My task is to fit a polynomial to the data. I want to implenet QR algorithm using Gram-Schimdt orthogonalization process. It is built in this function:
function [ Q,R ] = QRDec( A )
n = length(A(1,:));
for i=1:n
Q(:,i) = A(:,i);
for j=1:i-1
R(j,i) = (Q(:,j)')*Q(:,i);
Q(:,i) = Q(:,i)-R(j,i)*Q(:,j);
end
R(i,i) = norm(Q(:,i),2);
if R(i,i) == 0
break;
end
Q(:,i)=Q(:,i)/R(i,i);
end
end
Matrices Q,R are almost the same as these Q,R which are obtained from implemented in MatLab function.

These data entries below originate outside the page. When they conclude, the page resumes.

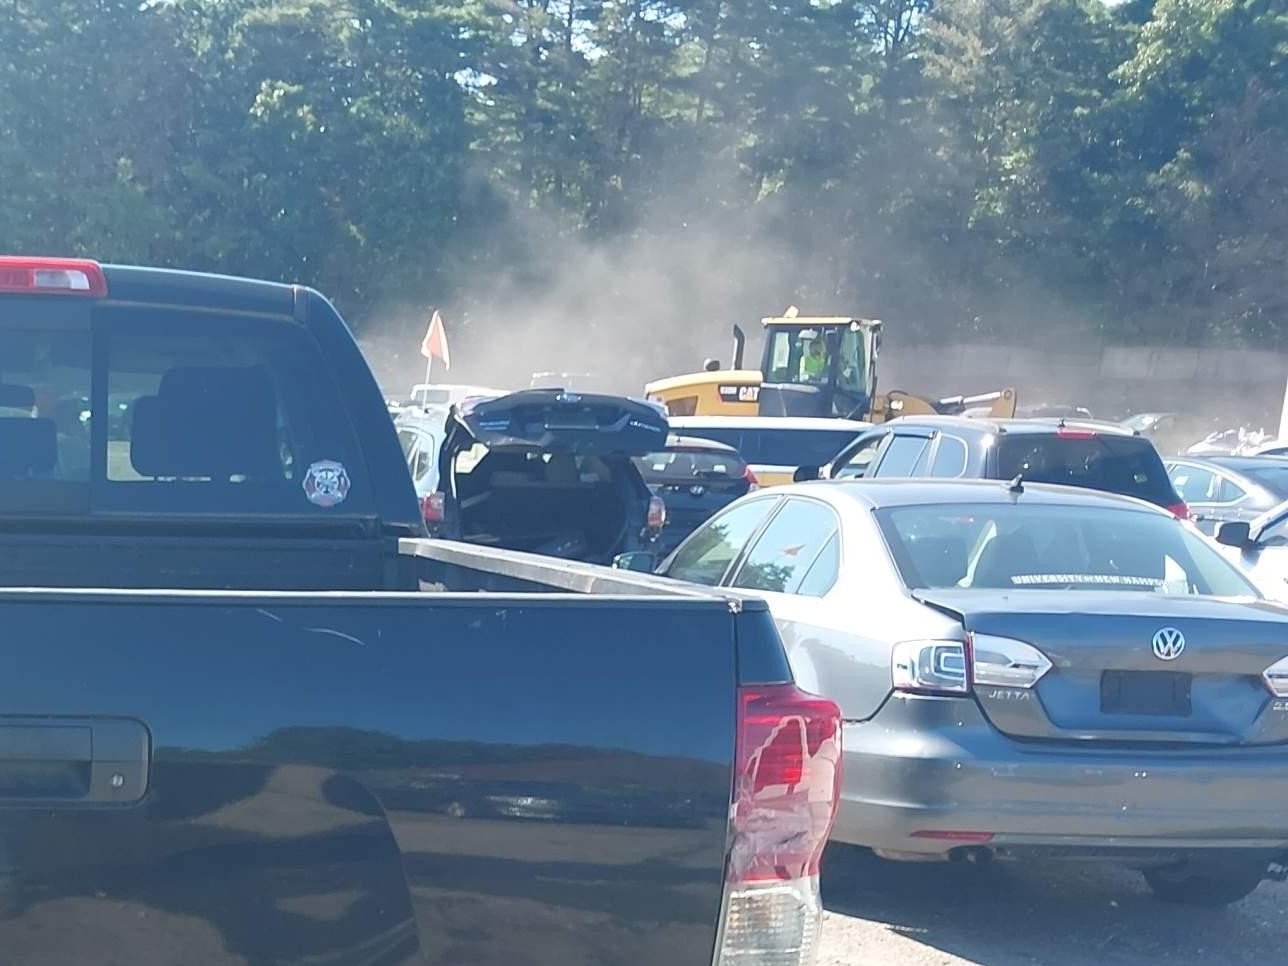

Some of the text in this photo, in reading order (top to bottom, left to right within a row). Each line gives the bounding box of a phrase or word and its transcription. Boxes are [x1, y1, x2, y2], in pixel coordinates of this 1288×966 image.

[739, 386, 760, 401] CAT
[1011, 575, 1082, 585] UNIVERSITY
[1094, 575, 1120, 584] NEW
[988, 690, 1030, 700] JETTA
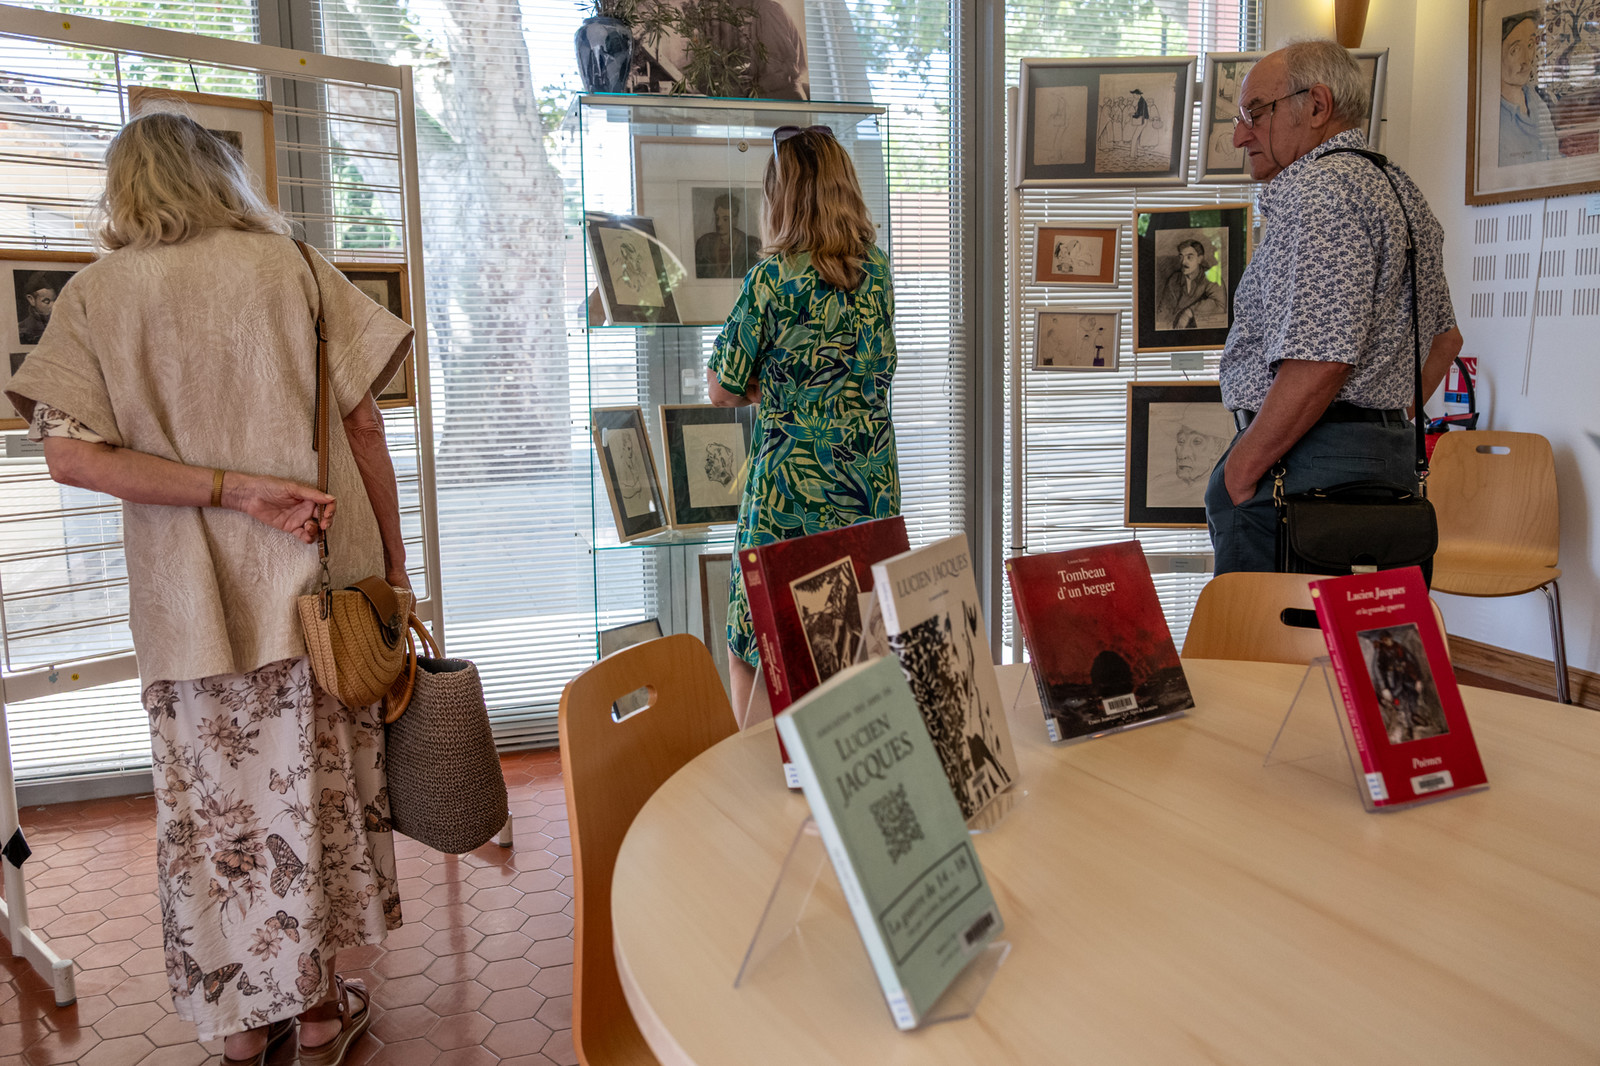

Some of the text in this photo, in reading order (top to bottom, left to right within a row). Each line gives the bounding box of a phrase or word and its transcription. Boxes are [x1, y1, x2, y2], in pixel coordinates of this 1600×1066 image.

[896, 568, 932, 598] LUCIEN
[931, 553, 968, 586] JACQUES
[1057, 567, 1106, 583] Tombeau
[1057, 582, 1115, 600] d'un berger
[1346, 586, 1405, 601] Lucien Jacques
[835, 712, 891, 762] LUCIEN
[836, 730, 914, 808] JACQUES
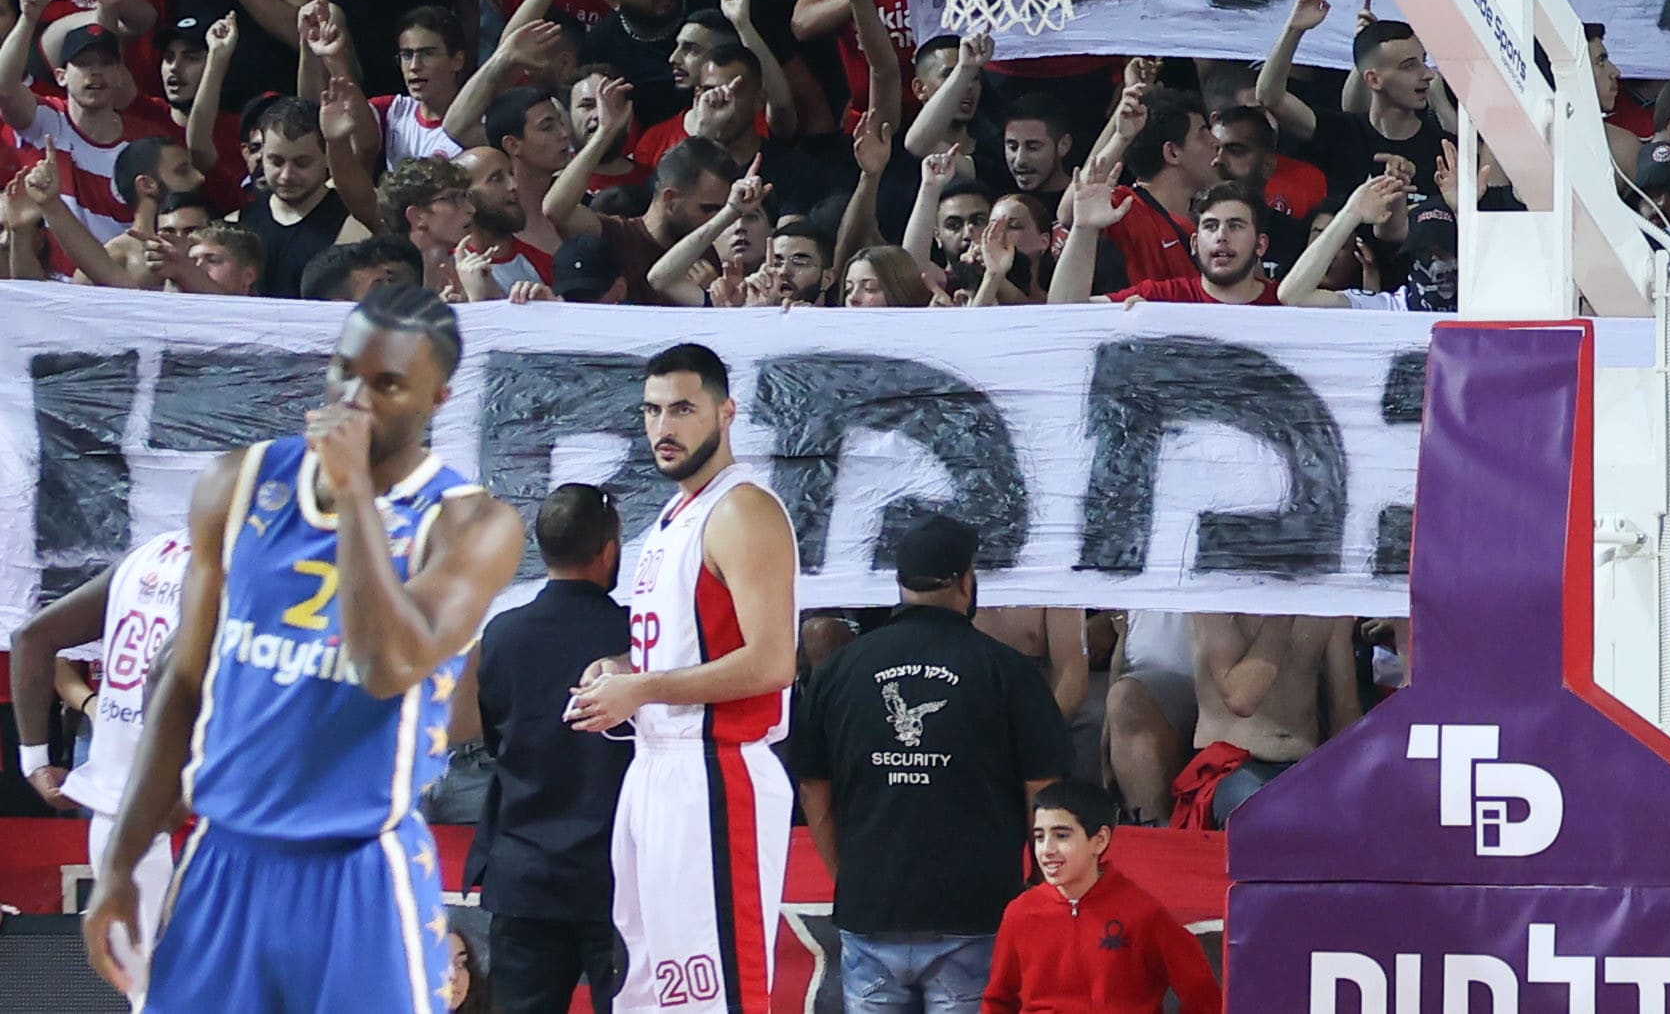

The only difference is in signs. If I solve my system of equations R*x=Q*y with MatLab functions, I get exact solution. But if I use my own matrices Q and R, then I get wrong result. Can anybody tell me where is the problem in my method? I also enclose code of my script.
% clear variables
clear; clc;
N = 100;
p = ones(1,15);
d = 14;
x = linspace(0,1,N)';
y = polyval(p,x);
A = zeros(N,d+1);
for i = 1 : d+1
A(:,i) = x.^(i-1);
end
[Qm,Rm] = QRDec(A);
[Q,R] = qr(A,0);
a_qrm = Rm\(Qm'*y);
a_qr = R\(Q'*y);
end
Do you think that such a big mistake can be caused by computation errors? I am really desperate because it seems that I have two same linear systems of equations and the solutions are different.